The Pakistan Gana Samiti (Bengali language for 'Pakistan People's Association', abbreviated PGS) was a political party in Pakistan.

The PGS was formed by a minority section of the erstwhile Indian National Congress in East Bengal at an 'Eastern Pakistan Political Convention' in Comilla on July 18, 1948. The founders of PGS included Kamini Kumar Dutta (Member of the Constituent Assembly of Pakistan), Dhirendra Nath Dutta (Member of the Constituent Assembly of Pakistan, Member of the East Bengal Legislative Assembly) and Prabhas Chandra Lahiri (Member of the East Bengal Legislative Assembly). Dhirenda Nath Dutta was the founding general secretary of PGS. In April 1948 the All India Congress Committee had declared the Indian National Congress membership restricted to India alone, effectively expelling the Congressmen in Pakistan from the party. The majority wing in Pakistan reluctantly formed a new party, the Pakistan National Congress (PNC), in August 1948. But the group forming the PGS opposed reviving the Congress party in Pakistan, rather preferring founding a new Pakistani party with a new identity. Among the attendees at the Comilla convention there were reportedly members of the Pakistan Socialist Party, the Revolutionary Socialist Party and the Forward Bloc.

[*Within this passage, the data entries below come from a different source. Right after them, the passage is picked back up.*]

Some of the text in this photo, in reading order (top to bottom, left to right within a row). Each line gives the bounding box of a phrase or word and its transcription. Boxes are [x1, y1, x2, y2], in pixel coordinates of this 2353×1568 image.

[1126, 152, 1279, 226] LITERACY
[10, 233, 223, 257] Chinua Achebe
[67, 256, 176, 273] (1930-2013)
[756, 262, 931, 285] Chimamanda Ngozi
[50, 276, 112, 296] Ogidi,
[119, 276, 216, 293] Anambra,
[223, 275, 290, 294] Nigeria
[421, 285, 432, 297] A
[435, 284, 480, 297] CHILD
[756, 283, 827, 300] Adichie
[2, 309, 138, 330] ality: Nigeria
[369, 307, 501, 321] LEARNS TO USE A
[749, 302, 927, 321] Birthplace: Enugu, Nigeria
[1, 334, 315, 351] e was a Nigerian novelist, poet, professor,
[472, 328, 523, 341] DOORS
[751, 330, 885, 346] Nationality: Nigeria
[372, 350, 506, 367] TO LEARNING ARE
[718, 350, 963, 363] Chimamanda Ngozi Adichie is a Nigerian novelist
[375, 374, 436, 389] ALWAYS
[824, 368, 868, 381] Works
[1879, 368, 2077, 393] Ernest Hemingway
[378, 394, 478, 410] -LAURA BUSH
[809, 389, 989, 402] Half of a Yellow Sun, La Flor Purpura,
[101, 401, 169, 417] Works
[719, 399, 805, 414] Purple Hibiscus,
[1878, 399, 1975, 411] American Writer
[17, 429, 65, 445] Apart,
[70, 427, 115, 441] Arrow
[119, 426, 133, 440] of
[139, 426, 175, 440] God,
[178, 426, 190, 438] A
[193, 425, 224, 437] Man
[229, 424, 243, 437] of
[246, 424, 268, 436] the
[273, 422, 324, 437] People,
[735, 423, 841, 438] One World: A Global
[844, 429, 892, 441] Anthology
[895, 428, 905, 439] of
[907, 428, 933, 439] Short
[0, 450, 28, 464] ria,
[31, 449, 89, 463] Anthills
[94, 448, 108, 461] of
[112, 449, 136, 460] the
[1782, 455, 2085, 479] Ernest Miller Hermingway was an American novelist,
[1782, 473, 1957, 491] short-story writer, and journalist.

The Comilla convention declared PGS as a party open to all citizens regardless of religion or caste. The PGS sought to build alliances with the Muslim majority polity in East Bengal, championing Bengali causes in at the Pakistan centre and East Bengal provincial levels. PGS campaigned for joint electorate in East Bengal. The party was mainly based in Comilla, with some presence in Dacca. It had a weak party organization.

However there was still some overlap between PGS and PNC, as PGS maintained close relations with some sectors of PNC. For example Dhirendra Nath Dutta simultaneously served as the PGS general secretary as well as being the Deputy Leader of the Congress Parliamentary Party in the Constituent Assembly.

PGS contested the 1954 East Bengal Legislative Assembly election under the banner of the Minority United Front, an electoral alliance formed together with the Pakistan Socialist Party and the Abhay Ashram. The Minority United Front contested 19 seats, in both the Caste Hindu and Scheduled Caste constituencies. There were talks on electoral arrangement between the Minority United Front and PNC, but that did not materialize in any pre-poll pact and the two groups were the main competitors for the Caste Hindu seats. There were also attempts to form an alliance between the Minority United Front and the Rasaraj Mandal-led faction of the East Bengal Scheduled Castes Federation, but in the end the Mandal-led group contested on their own. The Minority United Front won 10 seats in the Assembly. After the election the PGS leaders set up the United Progressive Party (UPP) as a new legislative faction. The UPP replaced the PGS. The UPP was joined by some socialist Congressmen, and sections of the Forward Bloc and the Pakistan Socialist Party (led by Trailokyanath Chakravarty).